There have been several snapshot-creating events that have happened in my lifetime.  Unlike September 11th, they are not immortalized by their date of occurrence, so it usually takes a reminder from the news or a website for me to realize that it is an anniversary.  It is an interesting conversation to have with someone to ask them what events they remember.  Columbine, the Columbia shuttle disaster, the Atlanta Olympics bombing; most of the events I can remember happened after I was in high school.

What I find even more intriguing is the question of the earliest event people can recall.
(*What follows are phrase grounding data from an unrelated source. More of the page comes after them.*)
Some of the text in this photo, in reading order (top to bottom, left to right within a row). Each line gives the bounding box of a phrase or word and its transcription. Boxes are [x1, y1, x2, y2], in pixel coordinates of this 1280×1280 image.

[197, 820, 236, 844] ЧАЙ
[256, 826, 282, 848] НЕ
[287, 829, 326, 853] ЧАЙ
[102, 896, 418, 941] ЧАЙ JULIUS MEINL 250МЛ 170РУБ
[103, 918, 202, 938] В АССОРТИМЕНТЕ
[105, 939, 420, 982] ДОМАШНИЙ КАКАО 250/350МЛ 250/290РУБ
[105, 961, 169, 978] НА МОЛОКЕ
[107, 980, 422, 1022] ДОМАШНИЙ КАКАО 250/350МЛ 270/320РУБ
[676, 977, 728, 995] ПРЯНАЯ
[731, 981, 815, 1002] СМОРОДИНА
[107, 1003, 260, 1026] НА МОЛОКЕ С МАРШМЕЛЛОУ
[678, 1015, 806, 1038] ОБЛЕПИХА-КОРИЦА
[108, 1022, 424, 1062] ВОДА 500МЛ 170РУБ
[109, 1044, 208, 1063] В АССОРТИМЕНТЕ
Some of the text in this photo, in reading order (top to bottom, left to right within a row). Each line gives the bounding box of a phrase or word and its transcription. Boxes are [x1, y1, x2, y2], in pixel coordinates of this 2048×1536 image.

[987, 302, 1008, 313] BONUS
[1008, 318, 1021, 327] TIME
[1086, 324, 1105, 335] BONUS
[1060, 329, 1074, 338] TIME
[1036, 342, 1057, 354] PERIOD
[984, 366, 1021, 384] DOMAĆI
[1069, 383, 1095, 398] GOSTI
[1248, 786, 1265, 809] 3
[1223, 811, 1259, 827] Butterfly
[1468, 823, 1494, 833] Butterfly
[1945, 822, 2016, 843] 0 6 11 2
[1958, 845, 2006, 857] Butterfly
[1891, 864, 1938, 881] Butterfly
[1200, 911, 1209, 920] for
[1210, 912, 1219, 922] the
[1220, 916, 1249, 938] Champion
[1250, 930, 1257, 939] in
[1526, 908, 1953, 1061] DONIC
I was only 5 when the Challenger exploded, but I still have vivid memories.  The Challenger launch was very exciting, because there was a teacher on board the shuttle.  We watched it live in my Kindergarten class.  I remember seeing it take off and explode, but I don’t remember what happened after that.  It’s very possible that my young mind didn’t register what happened at that point; later information filled in the details of what exactly an exploding shuttle means.  But I do very clearly recall the event, making it the earliest one I remember.

Newsworthy events, even bombings and terrorism, don’t usually register with kids.  I was alive for Waco and the Oklahoma City Bombing, but they didn’t crystallize memory for me.  But the shuttle launch was a part of my life, and the disaster made it stick.  I wonder how many kids who were alive on 9/11 remember exactly where they were when it happened, like those of us who were teens or adults do.